アッサラーム・アレイコム!
今回紹介するのは、「庭師」として診療所と簡易診療所の庭の整備や管理を行っているカン・ミルさんです。現在推定55歳(正確な記録がないため)で、アフガニスタンの長い紛争を経験してきたカン・ミルさん、どのような人生を送ってきたのでしょうか?そしてJVCでどのような仕事をしているのでしょうか?
彼はJVCの事業地であるゴレーク村の農家に生まれましたが、早くに両親を亡くし、子どものころから牛飼いの仕事をしていたそうです。そして13歳の時には結婚し(相手の女性は9歳)、2人目の子どもが生まれたころにアフガニスタン内戦が始まり、家族と共にパキスタンの難民キャンプに逃れました。

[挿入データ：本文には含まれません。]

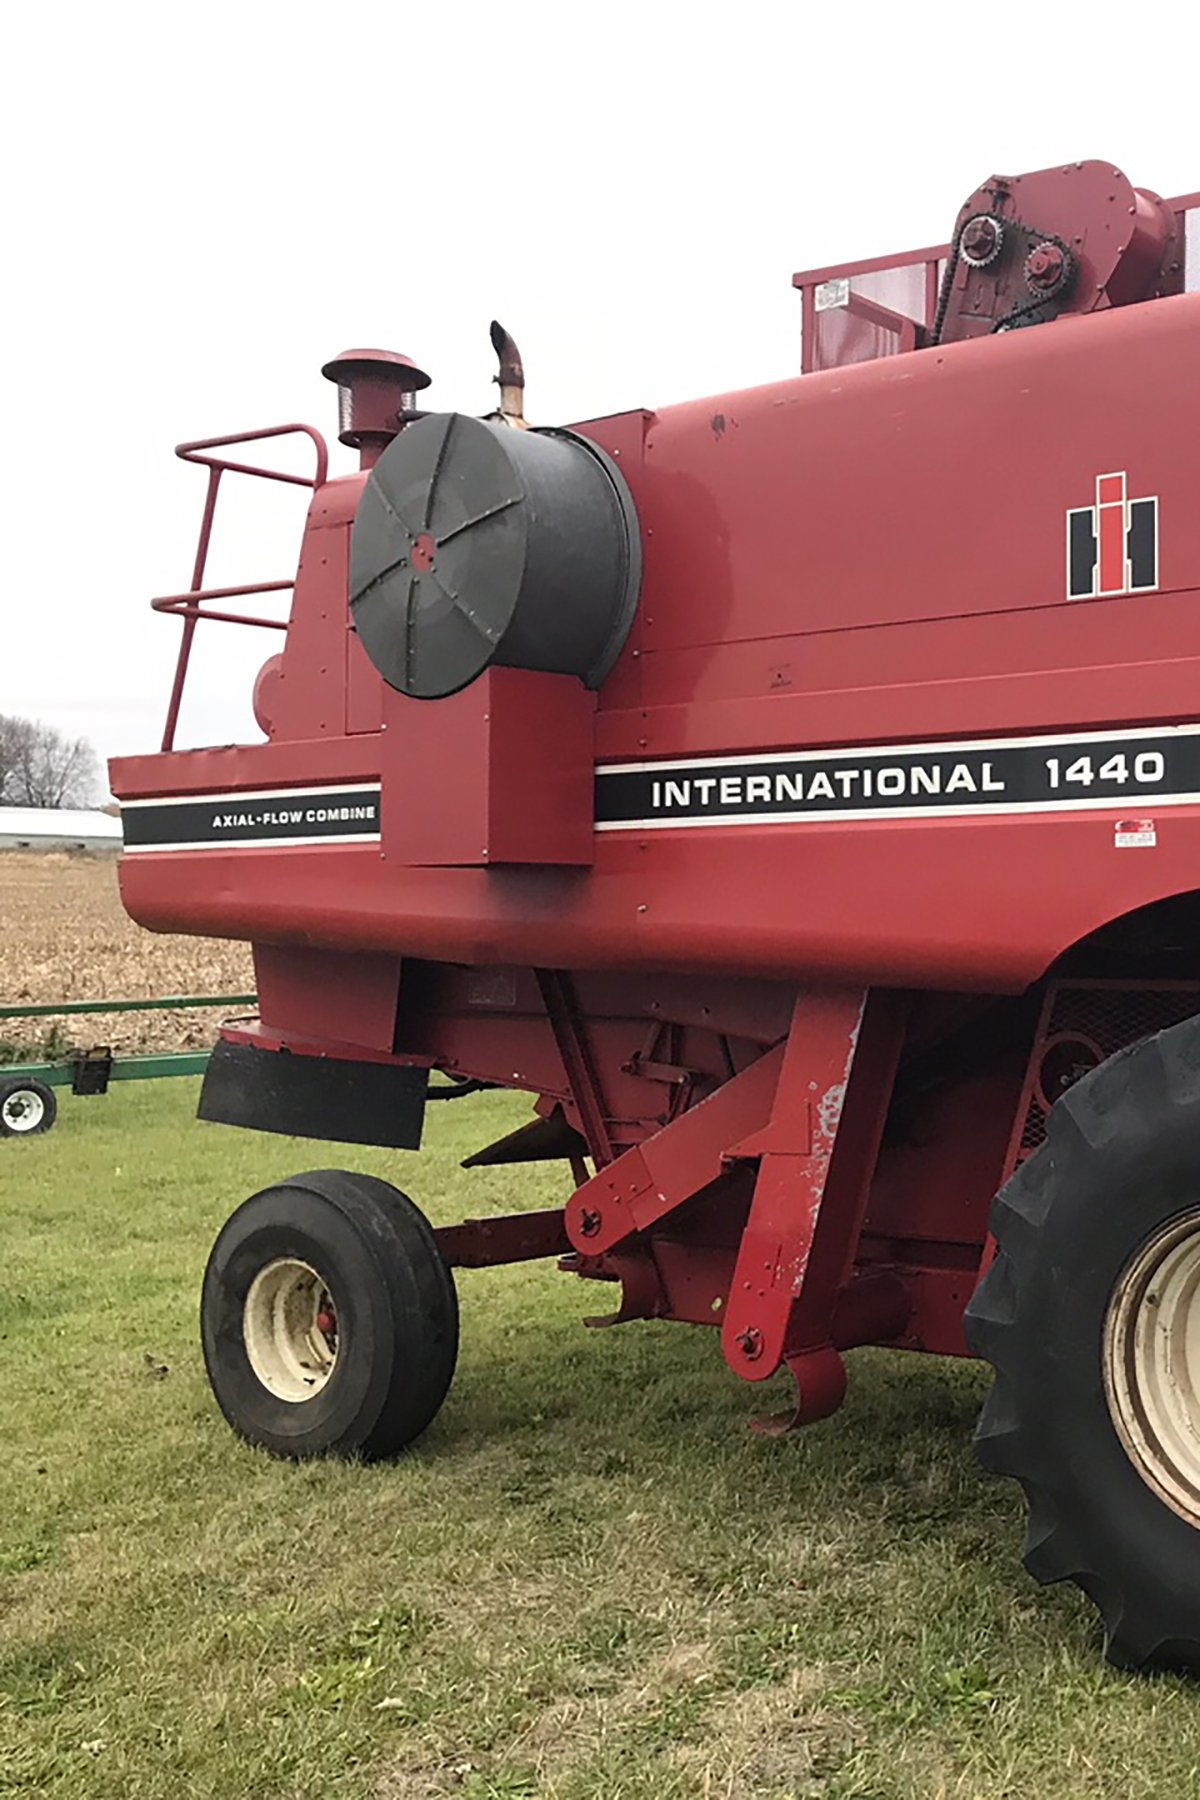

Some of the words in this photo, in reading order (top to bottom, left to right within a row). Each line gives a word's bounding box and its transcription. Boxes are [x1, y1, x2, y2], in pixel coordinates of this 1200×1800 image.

[652, 762, 1005, 807] INTERNATIONAL
[1046, 752, 1164, 788] 1440
[306, 806, 375, 823] COMBINE

最初はキャンプ内で日雇いの仕事をしていましたが、ある日難民キャンプ内の事務所の庭師の仕事を紹介され、そこで11年ほど庭師を勤めたということです。これがカン・ミルさんにとって庭師としての最初の仕事でした。その後もパキスタンのペシャワールにあるホテルで15年庭師をし、2009年にアフガニスタンに帰国、JVCで庭師として働くに至りました。学校には行ったことがなく読み書きは出来ないとのことですが、庭師としてのキャリアは32年にもなるのです!
現在は7人の息子と2人の娘がおり、大家族で暮らすカン・ミルさんですが、イード(イスラム教の祝祭)の時には幼い時に亡くした両親を思い出すそうです。子どものときの思い出は?との質問には「政権がザヒール・シャー国王からダーウードへと移ったころ、私は牛を放牧していて、近くで2人の大人がこの政変に関して話していたのを覚えている」と答えてくれました。なんだか歴史を感じますね。(注:1973年、アフガニスタンでは元首相のダーウードが王政を廃止し自らが大統領兼首相に就任した)
さて、カン・ミルさんの仕事は朝早く、7時にはゴレーク村にある診療所へ行き午後2時まで作業をします。JVCの庭では化学肥料を使わずに、木の葉などから肥料を作り、木や花に使っているそうです。
また昨年から、毎週木曜日にはクズ・カシュコート村にあるJVCのもう一つの簡易診療所でも庭の整備をしています。庭の整備以外にも、時には守衛やその他の業務を行うこともあるようです。
仕事をしていて大変なのは、急に他の仕事が入ってしまうなど予定通りに花の世話を出来ない時だそうです。自然が相手だからこそ、急に仕事を休みにしたり、世話をしないでおいたりということが出来ないのでしょうね。
「庭師として働くことそのものが幸せだし、花がきれいに咲いたときは本当に嬉しいなあ」趣味は庭師として働くこと、と答えるほど庭師という仕事に誇りを持ち、日々花や木と向きあっているようです。
そんなカン・ミルさんから日本の皆さんに一言。
「まず、アフガニスタンを支援してくれていることを日本の皆さんに感謝したいです。JVCが私の村で行っていることは非常に良いことで、村人も満足しています。私たちにはまだ支援が必要ですので、これからもよろしくお願いします。」